Focusing on how to model the diffusion process, some researchers have proposed various diffusion models for the diffusion of innovations, ideas, etc. [12–15]. Randomness, the cumulative effect and the decay characteristic are the main characteristics of propagation. Most of the existing models describe the first two characteristics. But few researchers focus on the decay characteristics of influence diffusion. In short, the diffusion decay refers to the decay of influence during the diffusion. For example, Tom read an interesting piece of news, and then he may forward it to his friends with probability p on the first day. But if not, he still may forward it with probability p′ on the second day (p′ < p), and p′ decreases with time. That is, in the real diffusion process, the influence will decrease with time going and is reflected by the decreasing of the activate probability of node. Thus, a model that does not consider diffusion decay cannot simulate the actual spread process well. Furthermore, it is critical to model the spread process with diffusion decay for analyzing the influence maximization problem of social networks, which exactly we will solve in this paper.

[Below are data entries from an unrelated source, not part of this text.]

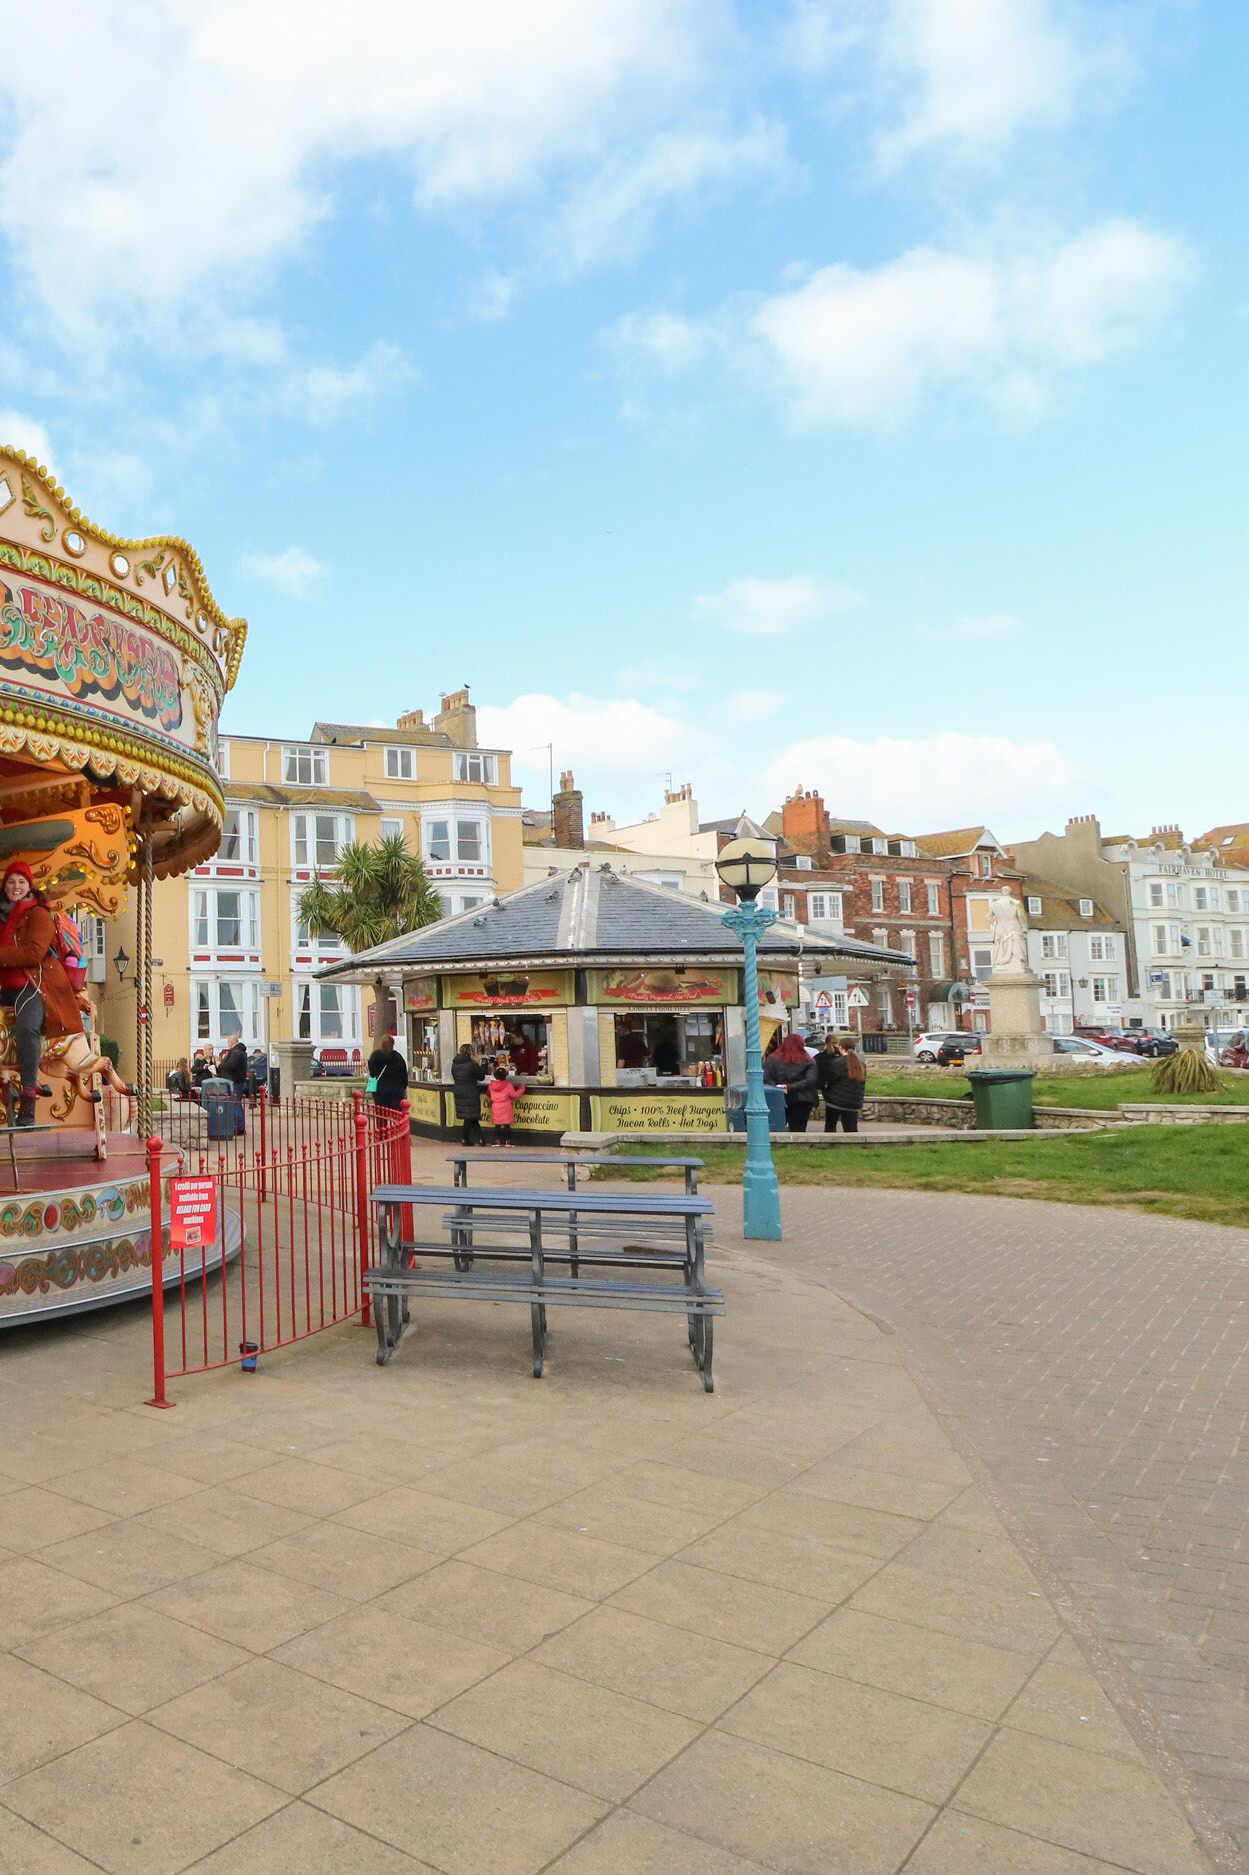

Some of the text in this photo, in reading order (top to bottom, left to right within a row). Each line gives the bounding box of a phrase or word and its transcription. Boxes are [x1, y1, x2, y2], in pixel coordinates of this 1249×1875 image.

[1158, 864, 1229, 879] FAIRHAVEN HOTEL
[514, 1100, 559, 1114] Cappuccino
[609, 1105, 725, 1118] Chips 100% Beef Burgers
[616, 1118, 718, 1131] Bacon Rolls Hot Dogs
[177, 1182, 191, 1190] credit
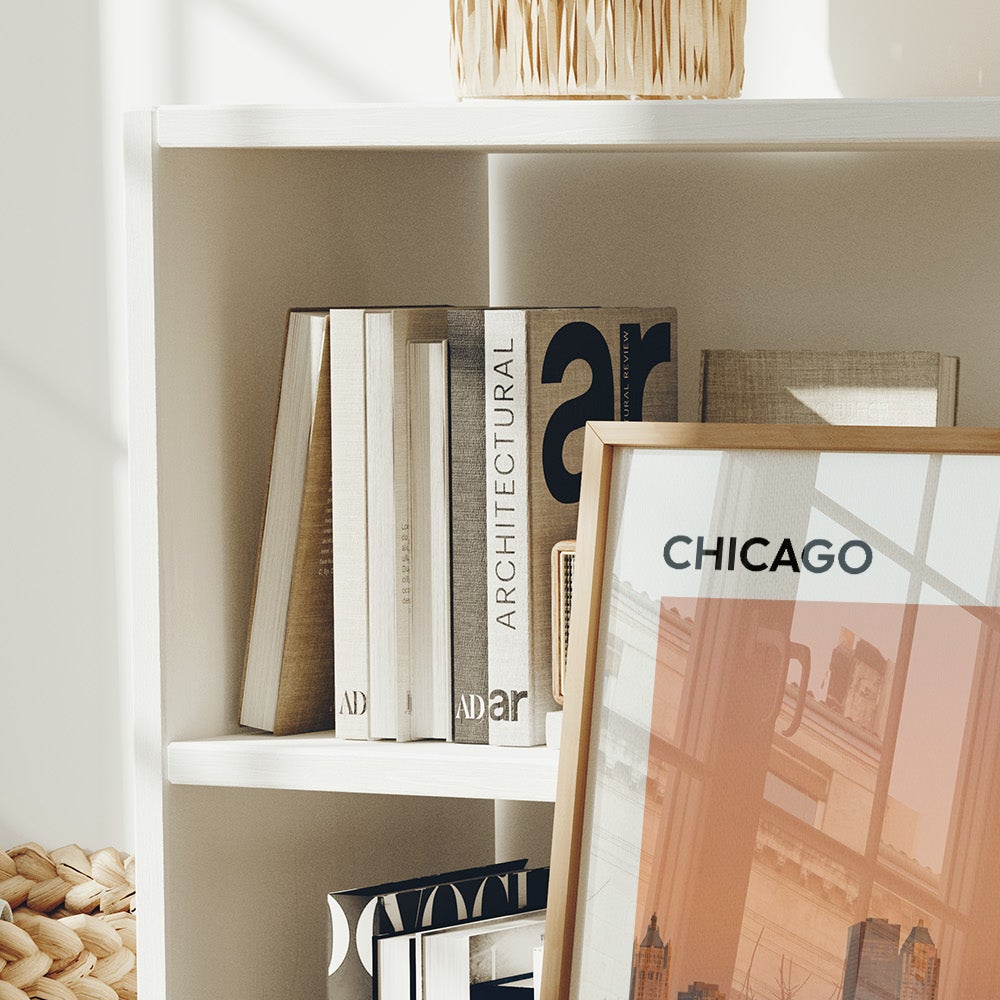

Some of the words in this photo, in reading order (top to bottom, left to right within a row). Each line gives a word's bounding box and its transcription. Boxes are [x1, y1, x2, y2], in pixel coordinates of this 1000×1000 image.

[493, 338, 516, 630] ARCHITECTURAL
[663, 535, 874, 576] CHICAGO
[339, 690, 367, 715] AD
[455, 693, 485, 720] AD
[489, 689, 528, 722] ar

In our study, we focus on the problem of selecting the seeds to maximize the influence spread considering diffusion decay in a social network. For this purpose, we consider the following problems:

(1)
How to model the spread process with diffusion decay?
(2)
How to select k seeds to maximize the influence spread?

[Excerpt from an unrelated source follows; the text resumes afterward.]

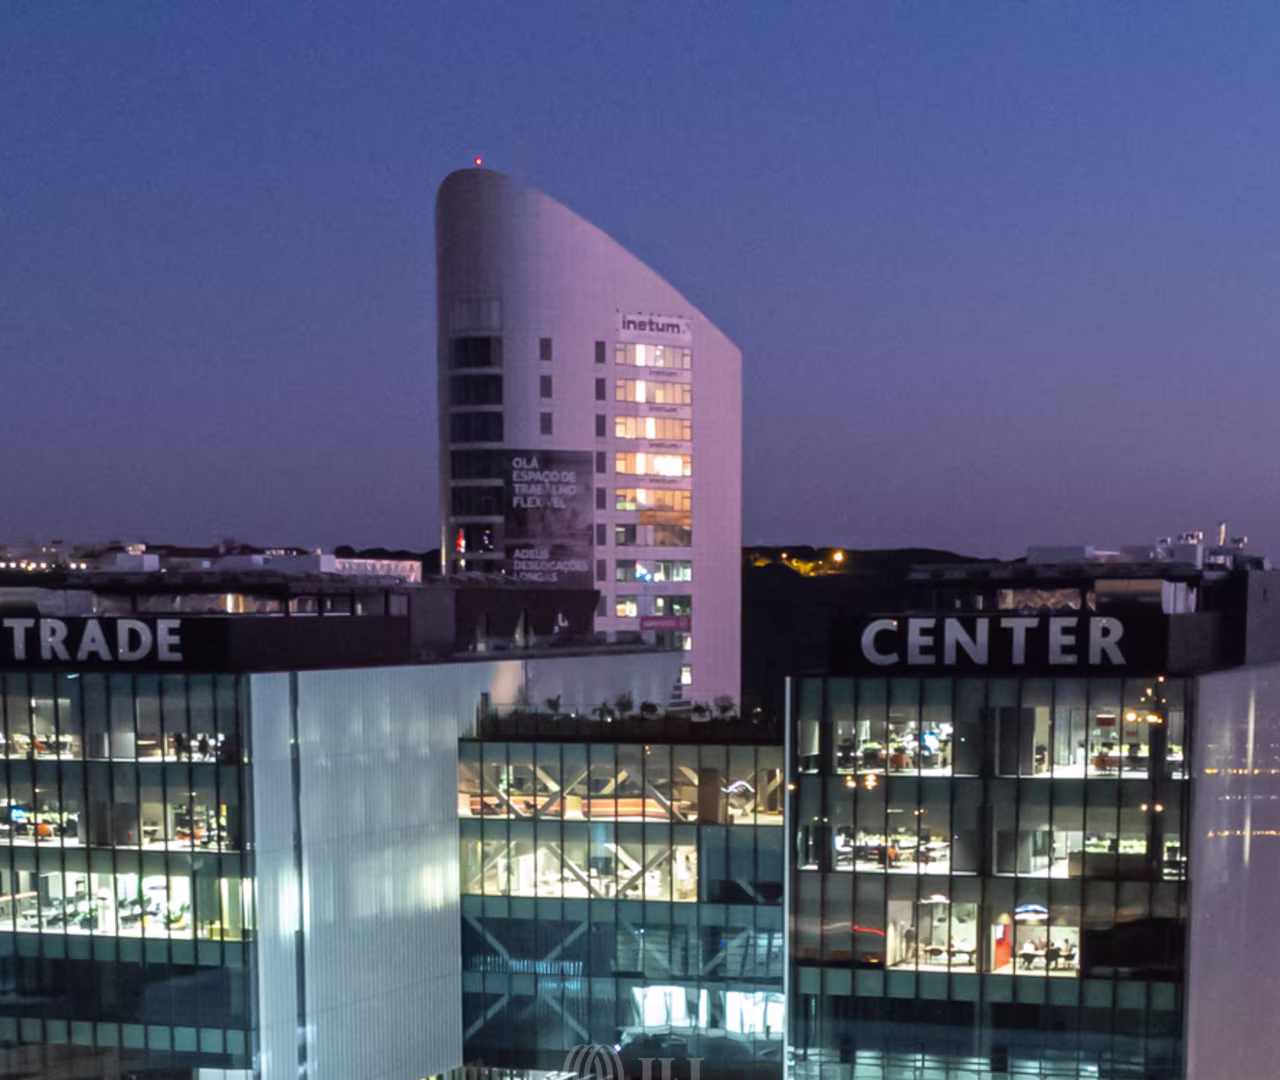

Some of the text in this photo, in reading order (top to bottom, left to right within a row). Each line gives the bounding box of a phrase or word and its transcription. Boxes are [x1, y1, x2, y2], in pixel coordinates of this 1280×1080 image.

[561, 471, 576, 483] DE
[2, 617, 184, 662] TRADE
[860, 616, 1127, 667] CENTER

For the problem (1), it is natural to consider extending the classic independent cascade model (IC model) [8] to incorporate the influence probability decaying with time, which is called as cascade model with diffusion decay, abbreviated as CMDD. In the CMDD, the activate probability is influenced by the following three factors: the previous cumulative effects, the influence power of new activated neighbor nodes and the decay factor. The probability of node v is a function of these three factors, which can well reflects realistic characteristics of influence spread in a social network.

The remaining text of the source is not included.